The second type of bacteria that creates a tank's cycle will now need to grow to process the nitrites into nitrates. These bacteria are far more touchy and temperamental than the first type of bacteria. The wonderful part of a fishless cycle is that you do not have to upset their growing colony by water changes or salt additions to protect your fish, and you can keep the water nice and toasty warm - just the way they love it.
Waiting for the second type of bacteria to grow takes patience. But have faith - it really does happen. Soon, you should start to see a little positive reading for nitrate. This means you are reaching the end of the process.
To give you an idea of what you might see on a series of tests, here are some readings that I did in a 50 gallon tank that was cycled using the fishless cycle.
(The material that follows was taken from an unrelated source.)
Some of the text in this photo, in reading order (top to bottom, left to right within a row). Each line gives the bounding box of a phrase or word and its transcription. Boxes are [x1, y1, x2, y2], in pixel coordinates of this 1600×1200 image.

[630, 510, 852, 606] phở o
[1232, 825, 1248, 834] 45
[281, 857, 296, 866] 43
|Day 1||4 ammonia||0 nitrite||0 nitrate|
|Day 7||4 ammonia||0 nitrite||0 nitrate|
|Day 10||4 ammonia||.25 nitrite||0 nitrate|
|Day 14||3 ammonia||.50 nitrite||0 nitrate|
|Day 20||1 ammonia||5 nitrite||0 nitrate|
|Day 21||0 ammonia||5 nitrite||0 nitrate|
At this point, .3 (point three, or three tenths)cc of ammonia was added on a daily basis. This continued to feed the ammonia processing bacteria. This is a tiny amount of ammonia in a large tank. A smaller tank will need less. This is the equivilant of one small fish producing waste each day. Every day from then on, the first type of bacteria should process all the ammonia from your daily addition into nitrite and the ammonia reading should remain at zero
|Day 28||0 ammonia||4 nitrite||trace nitrate|
|Day 30||0 ammonia||3 nitrite||20 nitrate|
|Day 36||0 ammonia||1 nitrite||80 nitrate|
|Day 40||0 ammonia||0 nitrite||160+ nitrate|
The tank has now grown a cycle of beneficial bacteria. To make this tank habitable for fish, you now need to do a massive water change to bring the nitrate levels down to a reasonable value (20ppm or less). Do 50-75% change. Test the water. Change a little more if necessary. Do not rinse, change or even touch the filter. Do not clean any equipment, decorations or tank sides. Change only the water. Turn down the heat to the temperature you wish for your tank. Add your fish.
Since this is a newly created cycle, it is still not adjusted to the number of fish you may wish to have in your tank. The amount of ammonia that you have been adding to the tank is not the amount that a full load of fish will add. You need to watch your water parameters carefully for the first week or so after adding fish to make sure that the growing colonies of bacteria can handle all the ammonia the fish are feeding them. Change a percentage of your water as necessary to keep any excess under control. Do not disturb the filter. Within a day or two, the entire tank will balance out and will work perfectly!
Congratulations. You have done a fishless cycle!